━━━━━ Records ━━━━━

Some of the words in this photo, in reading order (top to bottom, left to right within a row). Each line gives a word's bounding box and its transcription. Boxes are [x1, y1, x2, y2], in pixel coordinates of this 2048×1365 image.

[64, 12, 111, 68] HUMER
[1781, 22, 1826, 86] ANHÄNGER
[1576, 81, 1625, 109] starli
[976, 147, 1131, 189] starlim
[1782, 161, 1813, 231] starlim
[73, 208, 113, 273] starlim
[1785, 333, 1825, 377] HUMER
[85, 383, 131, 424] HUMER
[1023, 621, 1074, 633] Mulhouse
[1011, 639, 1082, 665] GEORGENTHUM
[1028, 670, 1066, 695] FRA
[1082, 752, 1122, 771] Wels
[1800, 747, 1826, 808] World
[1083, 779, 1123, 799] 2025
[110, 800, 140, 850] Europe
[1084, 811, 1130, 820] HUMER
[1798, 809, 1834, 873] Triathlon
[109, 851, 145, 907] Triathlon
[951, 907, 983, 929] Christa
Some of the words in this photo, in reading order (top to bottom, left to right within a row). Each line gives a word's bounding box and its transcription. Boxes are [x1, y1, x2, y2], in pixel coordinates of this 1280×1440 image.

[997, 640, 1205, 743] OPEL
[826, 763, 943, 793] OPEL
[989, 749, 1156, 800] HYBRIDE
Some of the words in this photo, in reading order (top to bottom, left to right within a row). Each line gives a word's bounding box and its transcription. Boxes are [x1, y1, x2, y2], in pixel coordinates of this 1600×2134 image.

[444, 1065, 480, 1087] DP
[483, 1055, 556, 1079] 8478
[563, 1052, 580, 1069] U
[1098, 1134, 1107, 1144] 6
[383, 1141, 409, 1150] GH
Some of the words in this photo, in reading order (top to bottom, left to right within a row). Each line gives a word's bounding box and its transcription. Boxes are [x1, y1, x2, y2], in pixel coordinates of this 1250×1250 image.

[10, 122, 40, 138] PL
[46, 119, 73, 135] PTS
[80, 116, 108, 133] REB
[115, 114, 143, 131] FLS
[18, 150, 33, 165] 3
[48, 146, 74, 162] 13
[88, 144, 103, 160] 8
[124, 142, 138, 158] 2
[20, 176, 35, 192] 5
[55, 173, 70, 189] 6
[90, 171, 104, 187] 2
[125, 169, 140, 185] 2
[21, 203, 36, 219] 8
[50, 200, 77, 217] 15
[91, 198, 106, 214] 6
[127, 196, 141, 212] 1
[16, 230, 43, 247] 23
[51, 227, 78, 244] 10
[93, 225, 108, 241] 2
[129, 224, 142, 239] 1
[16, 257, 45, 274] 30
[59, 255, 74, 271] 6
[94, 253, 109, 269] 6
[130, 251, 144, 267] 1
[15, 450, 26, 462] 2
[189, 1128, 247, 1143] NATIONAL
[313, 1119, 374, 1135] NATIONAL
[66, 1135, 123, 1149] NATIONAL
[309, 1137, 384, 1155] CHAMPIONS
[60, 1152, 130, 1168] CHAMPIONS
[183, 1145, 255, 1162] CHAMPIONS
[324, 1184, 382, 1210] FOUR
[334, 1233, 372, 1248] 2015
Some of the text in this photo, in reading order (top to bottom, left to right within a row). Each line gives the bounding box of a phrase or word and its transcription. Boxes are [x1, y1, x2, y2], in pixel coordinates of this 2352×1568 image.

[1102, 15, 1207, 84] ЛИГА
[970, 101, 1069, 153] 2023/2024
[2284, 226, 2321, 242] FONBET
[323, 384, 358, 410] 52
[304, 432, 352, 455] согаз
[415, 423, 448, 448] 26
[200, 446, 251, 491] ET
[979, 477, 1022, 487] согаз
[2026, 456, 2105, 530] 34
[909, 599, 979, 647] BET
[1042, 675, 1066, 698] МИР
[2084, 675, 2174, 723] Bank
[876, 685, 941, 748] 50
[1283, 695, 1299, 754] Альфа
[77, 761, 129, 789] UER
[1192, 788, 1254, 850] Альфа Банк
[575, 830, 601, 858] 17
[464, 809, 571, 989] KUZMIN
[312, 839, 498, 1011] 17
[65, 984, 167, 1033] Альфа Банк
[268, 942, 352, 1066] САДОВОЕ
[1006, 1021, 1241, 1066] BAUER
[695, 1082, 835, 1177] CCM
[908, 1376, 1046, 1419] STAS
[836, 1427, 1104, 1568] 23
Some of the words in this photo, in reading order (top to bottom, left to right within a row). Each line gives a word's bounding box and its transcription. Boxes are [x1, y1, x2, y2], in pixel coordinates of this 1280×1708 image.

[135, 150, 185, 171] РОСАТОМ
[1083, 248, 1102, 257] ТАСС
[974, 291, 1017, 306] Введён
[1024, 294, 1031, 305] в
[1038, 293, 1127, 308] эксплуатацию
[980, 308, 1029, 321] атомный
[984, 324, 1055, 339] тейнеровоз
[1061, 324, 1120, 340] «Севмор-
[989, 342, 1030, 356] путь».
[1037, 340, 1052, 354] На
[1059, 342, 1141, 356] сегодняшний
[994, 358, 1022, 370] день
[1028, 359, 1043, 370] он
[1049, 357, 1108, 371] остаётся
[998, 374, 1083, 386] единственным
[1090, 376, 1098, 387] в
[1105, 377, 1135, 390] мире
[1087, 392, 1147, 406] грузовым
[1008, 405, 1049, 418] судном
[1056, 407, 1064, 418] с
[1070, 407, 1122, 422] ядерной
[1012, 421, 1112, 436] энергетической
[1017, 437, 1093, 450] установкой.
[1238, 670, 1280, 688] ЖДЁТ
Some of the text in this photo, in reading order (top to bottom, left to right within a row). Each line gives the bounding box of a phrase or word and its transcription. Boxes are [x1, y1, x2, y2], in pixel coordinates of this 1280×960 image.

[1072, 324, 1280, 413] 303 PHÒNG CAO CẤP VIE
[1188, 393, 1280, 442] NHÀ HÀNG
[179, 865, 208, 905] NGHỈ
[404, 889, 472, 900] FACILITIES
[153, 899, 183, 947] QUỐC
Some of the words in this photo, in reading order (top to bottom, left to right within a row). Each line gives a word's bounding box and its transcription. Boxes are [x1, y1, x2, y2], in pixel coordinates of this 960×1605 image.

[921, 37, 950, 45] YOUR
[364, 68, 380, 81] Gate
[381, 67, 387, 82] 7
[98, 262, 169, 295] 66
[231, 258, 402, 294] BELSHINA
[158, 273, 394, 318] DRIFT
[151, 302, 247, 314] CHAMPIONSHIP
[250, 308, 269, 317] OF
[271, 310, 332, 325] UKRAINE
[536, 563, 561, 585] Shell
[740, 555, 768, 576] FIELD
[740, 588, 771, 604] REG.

━━━━━

• [Work item]:
Restate the whole listing exactly.

• [Your solution]:
Some of the words in this photo, in reading order (top to bottom, left to right within a row). Each line gives a word's bounding box and its transcription. Boxes are [x1, y1, x2, y2], in pixel coordinates of this 2048×1365 image.

[64, 12, 111, 68] HUMER
[1781, 22, 1826, 86] ANHÄNGER
[1576, 81, 1625, 109] starli
[976, 147, 1131, 189] starlim
[1782, 161, 1813, 231] starlim
[73, 208, 113, 273] starlim
[1785, 333, 1825, 377] HUMER
[85, 383, 131, 424] HUMER
[1023, 621, 1074, 633] Mulhouse
[1011, 639, 1082, 665] GEORGENTHUM
[1028, 670, 1066, 695] FRA
[1082, 752, 1122, 771] Wels
[1800, 747, 1826, 808] World
[1083, 779, 1123, 799] 2025
[110, 800, 140, 850] Europe
[1084, 811, 1130, 820] HUMER
[1798, 809, 1834, 873] Triathlon
[109, 851, 145, 907] Triathlon
[951, 907, 983, 929] Christa
Some of the words in this photo, in reading order (top to bottom, left to right within a row). Each line gives a word's bounding box and its transcription. Boxes are [x1, y1, x2, y2], in pixel coordinates of this 1280×1440 image.

[997, 640, 1205, 743] OPEL
[826, 763, 943, 793] OPEL
[989, 749, 1156, 800] HYBRIDE
Some of the words in this photo, in reading order (top to bottom, left to right within a row). Each line gives a word's bounding box and its transcription. Boxes are [x1, y1, x2, y2], in pixel coordinates of this 1600×2134 image.

[444, 1065, 480, 1087] DP
[483, 1055, 556, 1079] 8478
[563, 1052, 580, 1069] U
[1098, 1134, 1107, 1144] 6
[383, 1141, 409, 1150] GH
Some of the words in this photo, in reading order (top to bottom, left to right within a row). Each line gives a word's bounding box and its transcription. Boxes are [x1, y1, x2, y2], in pixel coordinates of this 1250×1250 image.

[10, 122, 40, 138] PL
[46, 119, 73, 135] PTS
[80, 116, 108, 133] REB
[115, 114, 143, 131] FLS
[18, 150, 33, 165] 3
[48, 146, 74, 162] 13
[88, 144, 103, 160] 8
[124, 142, 138, 158] 2
[20, 176, 35, 192] 5
[55, 173, 70, 189] 6
[90, 171, 104, 187] 2
[125, 169, 140, 185] 2
[21, 203, 36, 219] 8
[50, 200, 77, 217] 15
[91, 198, 106, 214] 6
[127, 196, 141, 212] 1
[16, 230, 43, 247] 23
[51, 227, 78, 244] 10
[93, 225, 108, 241] 2
[129, 224, 142, 239] 1
[16, 257, 45, 274] 30
[59, 255, 74, 271] 6
[94, 253, 109, 269] 6
[130, 251, 144, 267] 1
[15, 450, 26, 462] 2
[189, 1128, 247, 1143] NATIONAL
[313, 1119, 374, 1135] NATIONAL
[66, 1135, 123, 1149] NATIONAL
[309, 1137, 384, 1155] CHAMPIONS
[60, 1152, 130, 1168] CHAMPIONS
[183, 1145, 255, 1162] CHAMPIONS
[324, 1184, 382, 1210] FOUR
[334, 1233, 372, 1248] 2015
Some of the text in this photo, in reading order (top to bottom, left to right within a row). Each line gives the bounding box of a phrase or word and its transcription. Boxes are [x1, y1, x2, y2], in pixel coordinates of this 2352×1568 image.

[1102, 15, 1207, 84] ЛИГА
[970, 101, 1069, 153] 2023/2024
[2284, 226, 2321, 242] FONBET
[323, 384, 358, 410] 52
[304, 432, 352, 455] согаз
[415, 423, 448, 448] 26
[200, 446, 251, 491] ET
[979, 477, 1022, 487] согаз
[2026, 456, 2105, 530] 34
[909, 599, 979, 647] BET
[1042, 675, 1066, 698] МИР
[2084, 675, 2174, 723] Bank
[876, 685, 941, 748] 50
[1283, 695, 1299, 754] Альфа
[77, 761, 129, 789] UER
[1192, 788, 1254, 850] Альфа Банк
[575, 830, 601, 858] 17
[464, 809, 571, 989] KUZMIN
[312, 839, 498, 1011] 17
[65, 984, 167, 1033] Альфа Банк
[268, 942, 352, 1066] САДОВОЕ
[1006, 1021, 1241, 1066] BAUER
[695, 1082, 835, 1177] CCM
[908, 1376, 1046, 1419] STAS
[836, 1427, 1104, 1568] 23
Some of the words in this photo, in reading order (top to bottom, left to right within a row). Each line gives a word's bounding box and its transcription. Boxes are [x1, y1, x2, y2], in pixel coordinates of this 1280×1708 image.

[135, 150, 185, 171] РОСАТОМ
[1083, 248, 1102, 257] ТАСС
[974, 291, 1017, 306] Введён
[1024, 294, 1031, 305] в
[1038, 293, 1127, 308] эксплуатацию
[980, 308, 1029, 321] атомный
[984, 324, 1055, 339] тейнеровоз
[1061, 324, 1120, 340] «Севмор-
[989, 342, 1030, 356] путь».
[1037, 340, 1052, 354] На
[1059, 342, 1141, 356] сегодняшний
[994, 358, 1022, 370] день
[1028, 359, 1043, 370] он
[1049, 357, 1108, 371] остаётся
[998, 374, 1083, 386] единственным
[1090, 376, 1098, 387] в
[1105, 377, 1135, 390] мире
[1087, 392, 1147, 406] грузовым
[1008, 405, 1049, 418] судном
[1056, 407, 1064, 418] с
[1070, 407, 1122, 422] ядерной
[1012, 421, 1112, 436] энергетической
[1017, 437, 1093, 450] установкой.
[1238, 670, 1280, 688] ЖДЁТ
Some of the text in this photo, in reading order (top to bottom, left to right within a row). Each line gives the bounding box of a phrase or word and its transcription. Boxes are [x1, y1, x2, y2], in pixel coordinates of this 1280×960 image.

[1072, 324, 1280, 413] 303 PHÒNG CAO CẤP VIE
[1188, 393, 1280, 442] NHÀ HÀNG
[179, 865, 208, 905] NGHỈ
[404, 889, 472, 900] FACILITIES
[153, 899, 183, 947] QUỐC
Some of the words in this photo, in reading order (top to bottom, left to right within a row). Each line gives a word's bounding box and its transcription. Boxes are [x1, y1, x2, y2], in pixel coordinates of this 960×1605 image.

[921, 37, 950, 45] YOUR
[364, 68, 380, 81] Gate
[381, 67, 387, 82] 7
[98, 262, 169, 295] 66
[231, 258, 402, 294] BELSHINA
[158, 273, 394, 318] DRIFT
[151, 302, 247, 314] CHAMPIONSHIP
[250, 308, 269, 317] OF
[271, 310, 332, 325] UKRAINE
[536, 563, 561, 585] Shell
[740, 555, 768, 576] FIELD
[740, 588, 771, 604] REG.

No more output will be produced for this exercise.